TASK PROMPT: What you return must match the records word for word, except that images are dropped.
**** RECORDS SHOWN
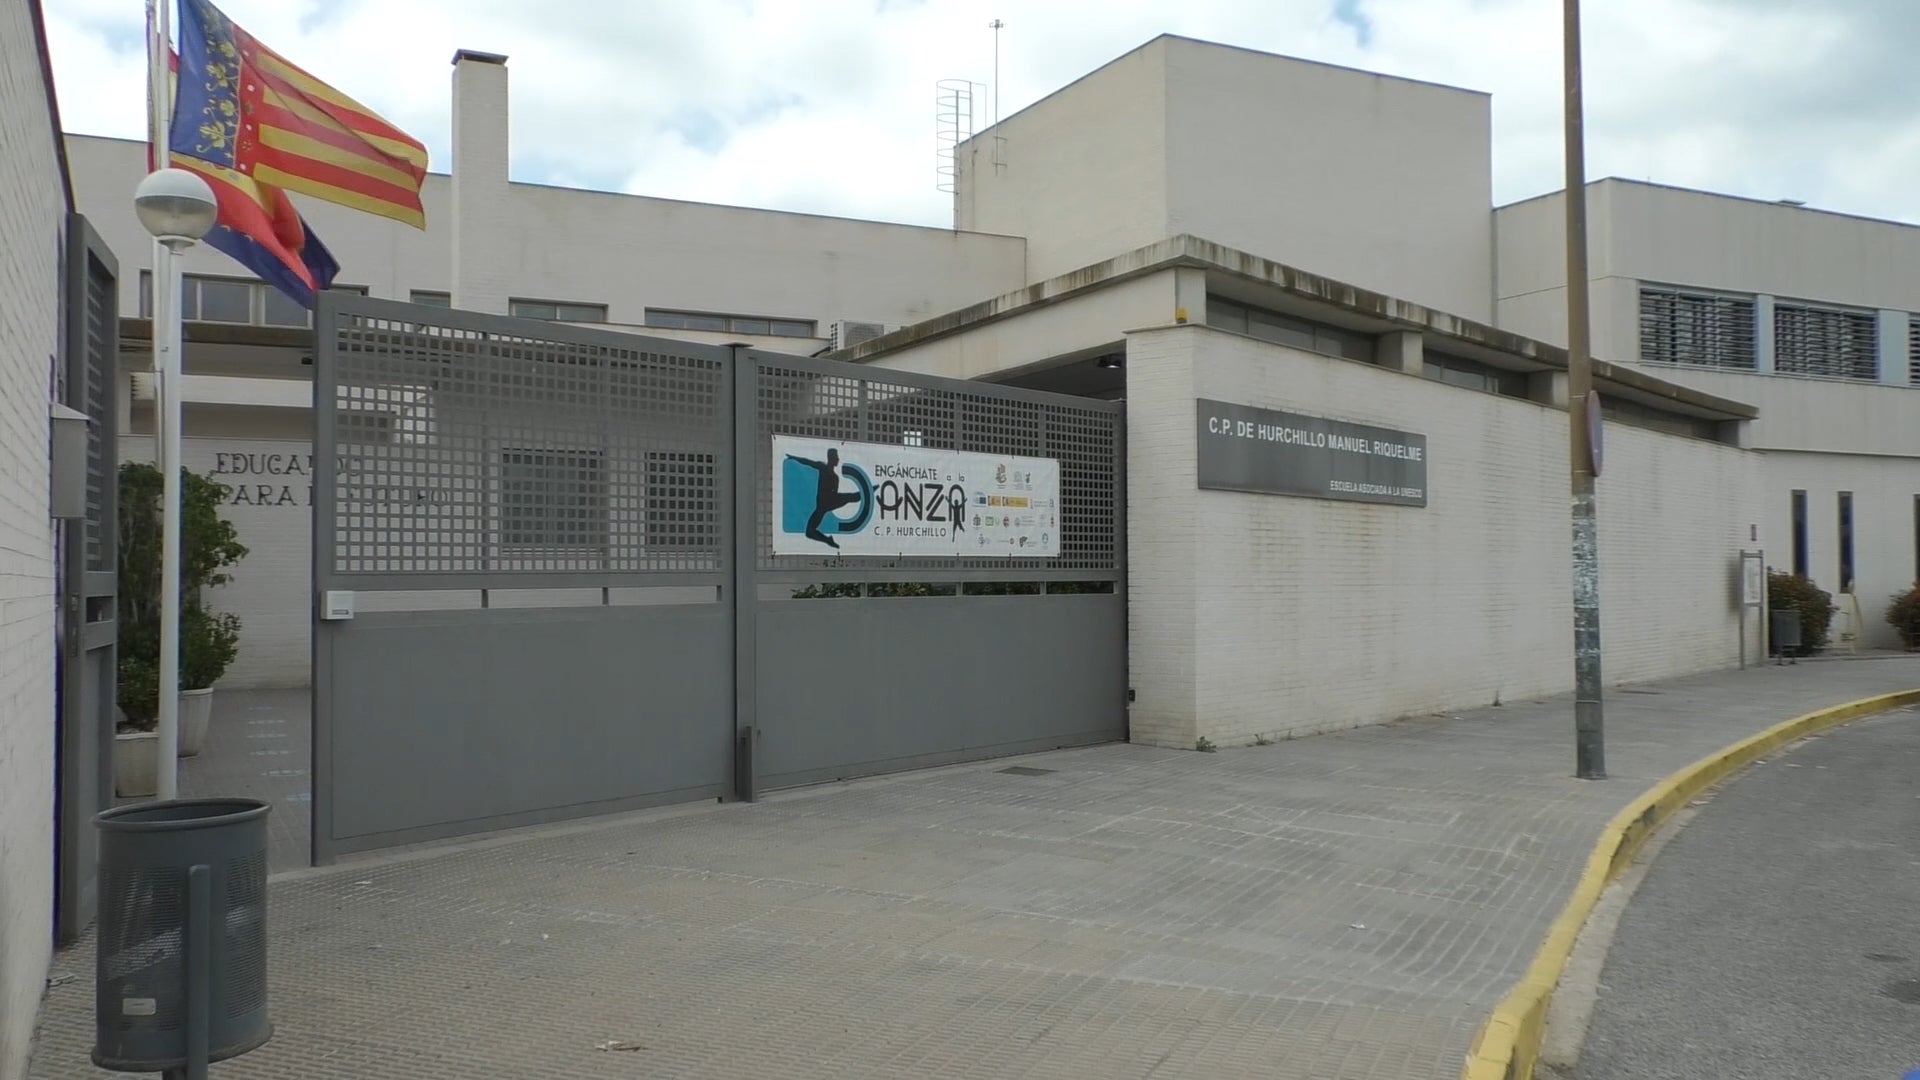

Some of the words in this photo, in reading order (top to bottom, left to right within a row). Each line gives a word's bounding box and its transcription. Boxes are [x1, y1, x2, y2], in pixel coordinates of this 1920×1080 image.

[1209, 416, 1233, 436] C.P.
[1237, 420, 1254, 439] DE
[1257, 424, 1326, 448] HURCHILLO
[1328, 434, 1372, 454] MANUEL
[1374, 441, 1422, 461] RIQUELME
[875, 462, 938, 481] ENGÁNCHATE
[215, 484, 297, 506] PARA
[1330, 480, 1357, 492] ESCUELA
[1358, 483, 1387, 495] ASOCIADA
[1387, 485, 1392, 496] A
[1392, 486, 1400, 496] LA
[1401, 487, 1422, 498] UNESCO
[896, 526, 947, 538] HURCHILLO
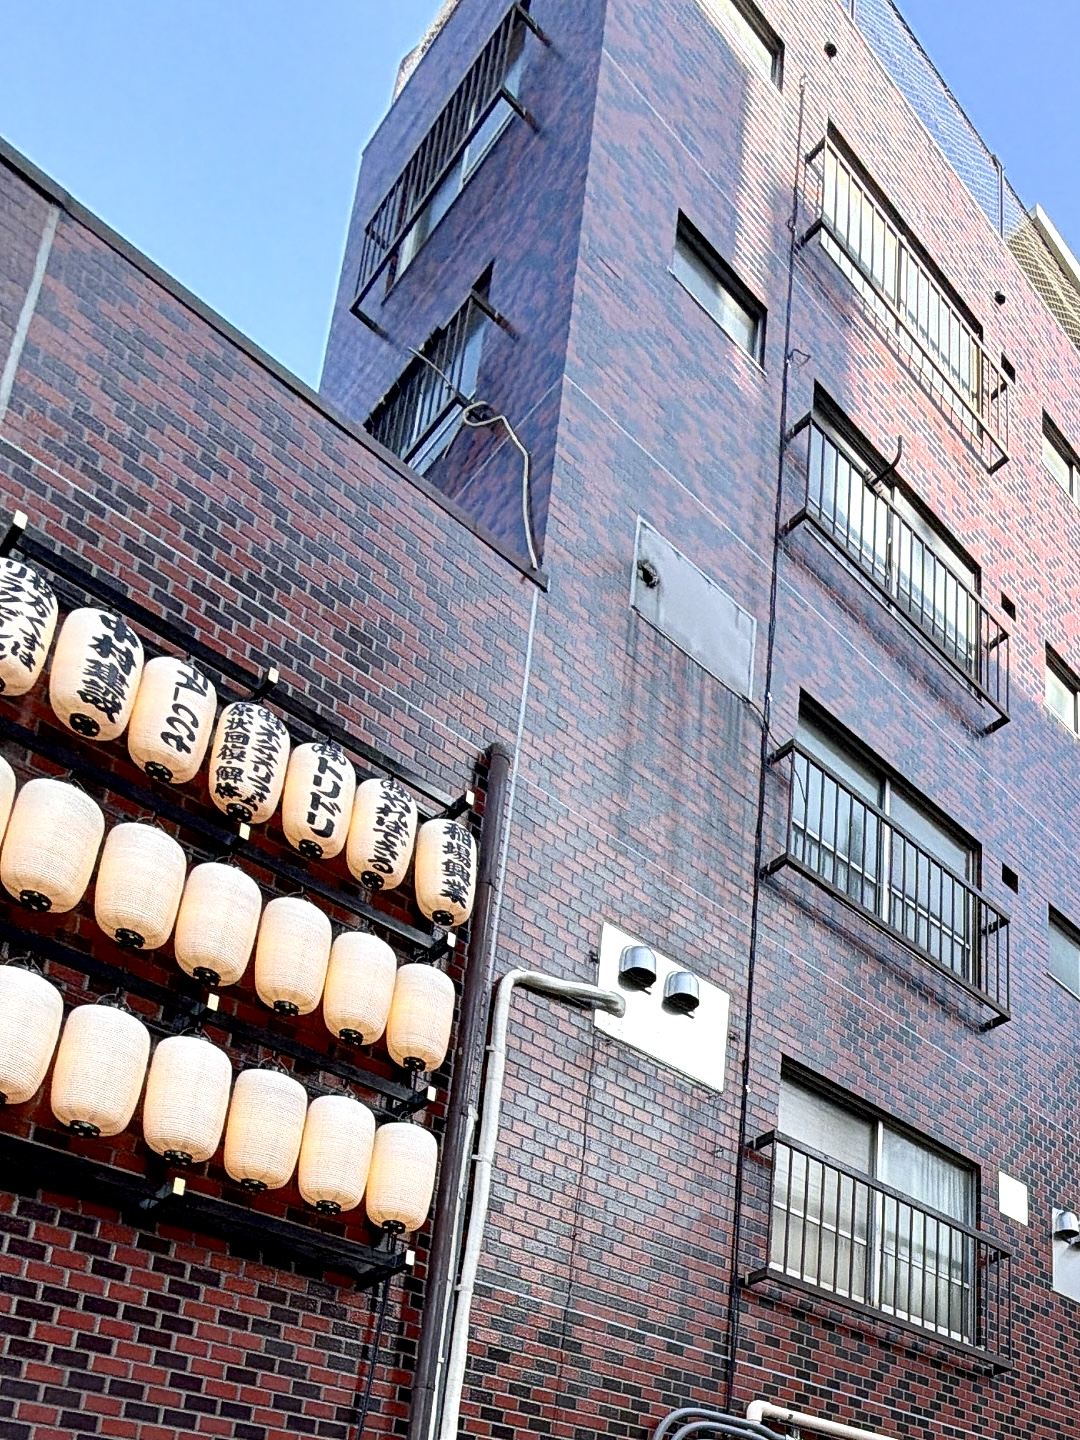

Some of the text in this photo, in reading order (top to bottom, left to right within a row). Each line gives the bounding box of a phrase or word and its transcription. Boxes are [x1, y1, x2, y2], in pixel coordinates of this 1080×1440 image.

[77, 613, 139, 724] 中村建設
[440, 822, 472, 909] 稲場興業
********
WRITTEN RESPONSE:
Some of the words in this photo, in reading order (top to bottom, left to right within a row). Each line gives a word's bounding box and its transcription. Boxes are [x1, y1, x2, y2], in pixel coordinates of this 1920×1080 image.

[1209, 416, 1233, 436] C.P.
[1237, 420, 1254, 439] DE
[1257, 424, 1326, 448] HURCHILLO
[1328, 434, 1372, 454] MANUEL
[1374, 441, 1422, 461] RIQUELME
[875, 462, 938, 481] ENGÁNCHATE
[215, 484, 297, 506] PARA
[1330, 480, 1357, 492] ESCUELA
[1358, 483, 1387, 495] ASOCIADA
[1387, 485, 1392, 496] A
[1392, 486, 1400, 496] LA
[1401, 487, 1422, 498] UNESCO
[896, 526, 947, 538] HURCHILLO

Some of the text in this photo, in reading order (top to bottom, left to right within a row). Each line gives the bounding box of a phrase or word and its transcription. Boxes are [x1, y1, x2, y2], in pixel coordinates of this 1080×1440 image.

[77, 613, 139, 724] 中村建設
[440, 822, 472, 909] 稲場興業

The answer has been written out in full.